The error assessment analysis shows that the second-order autoregressive model AR(2) has the best indicators among the operational forecast models. The parameters characterizing the results of PVPP generation operational forecast accuracy assessment using the second-order autoregressive model AR(2) are presented in Table 8.

Figure 11 demonstrates the comparison of the PVPP generation actual values, the PVPP generation STF using the initial data filtration by the k-means method and the operational forecast using the second-order autoregressive model AR(2).

As one can see from Figure 11a–d, the operational forecast makes it possible to refine the short-term forecast, the curve of operational forecast absolute errors has a flat character compared to the short-term forecast, the absolute forecasting error values are closer to zero. Table 9 demonstrates the comparison of the short-term and operational PVPP generation forecasting accuracy.

When dealing with stochastic phenomena, providing a 100% accurate forecast is problematic.
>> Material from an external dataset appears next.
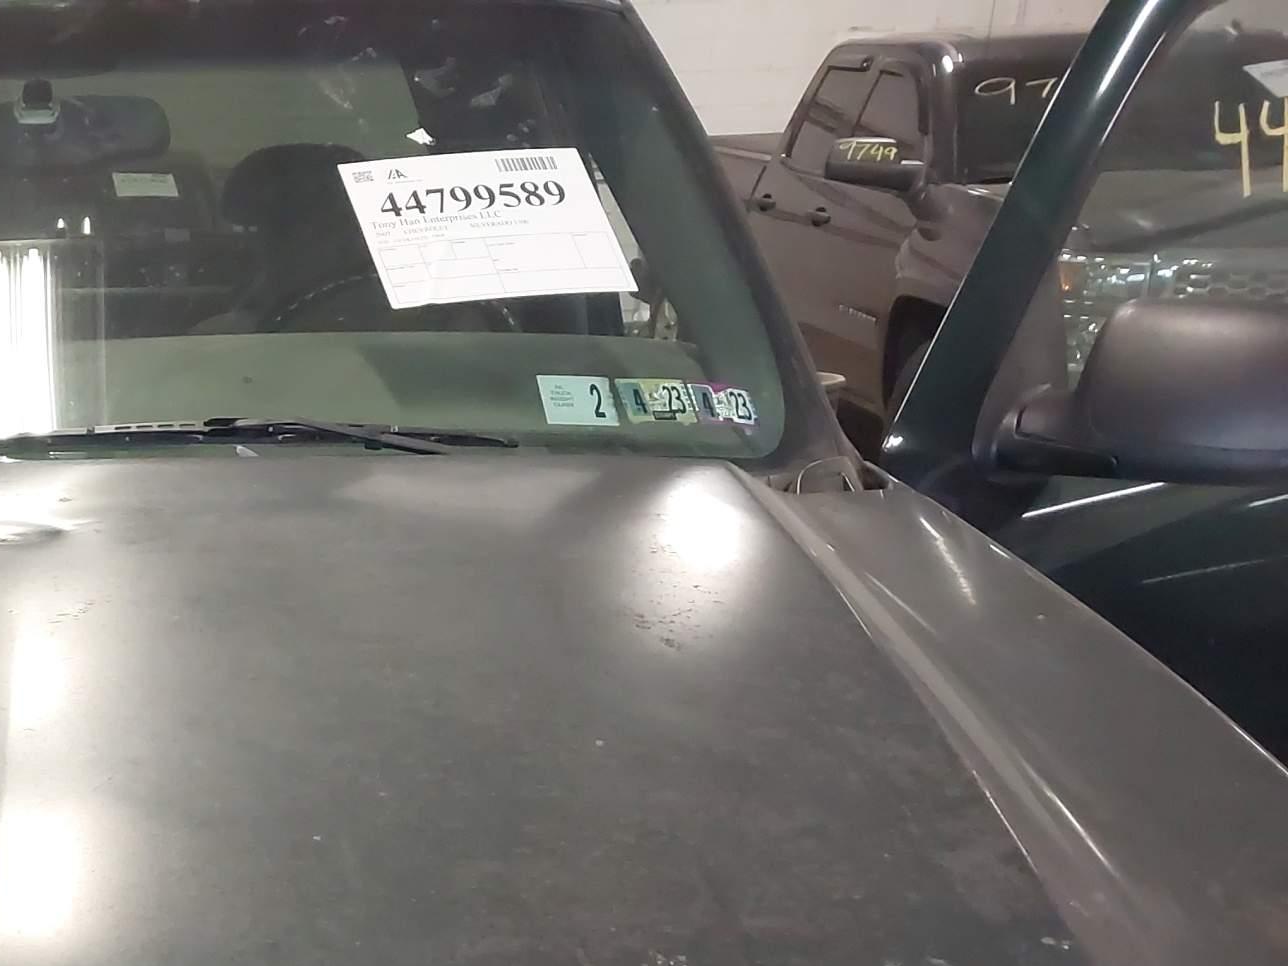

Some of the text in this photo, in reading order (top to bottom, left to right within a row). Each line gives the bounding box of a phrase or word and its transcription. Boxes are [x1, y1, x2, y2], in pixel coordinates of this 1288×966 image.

In most cases, we can only talk about the probability of the forecasted to meet the confidence range. To assess the reliability of the proposed short-term and operational forecasting models, the confidence probabilities corresponding to the intervals of ±1 MW and ±2 MW were also calculated. The values of these probabilities are presented in Table 10.

As can be seen from Table 10, for STF 78.9% of forecasts are characterized by an error not exceeding 1 MW (6.7% of the plant’s installed capacity), 92.2% of forecasts are characterized by an error not exceeding 2 MW (13.3% of the plant’s installed capacity). At the same time, for operational forecast, 88.5% of the forecasts are characterized by an error not exceeding 1 MW, and 97.5% of forecasts are characterized by an error not exceeding 2 MW.

The results of the parameter comparison for assessing the PVPP generation short-term and operational forecasts show that the error characteristics are finally improved by almost 1.5 times. At the same time, the operational forecast makes it possible to obtain more reliable estimates of the PVPP generation forecasted values: the number of operational forecasts belonging to the confidence interval of ±1 MW is almost 10% more, and the number of forecasts belonging to the confidence interval of ±2 MW is observed 5% more frequently. Thus, we can conclude about the effectiveness of the proposed methodology for operational forecasting based on retrospective data on short-term forecasting errors.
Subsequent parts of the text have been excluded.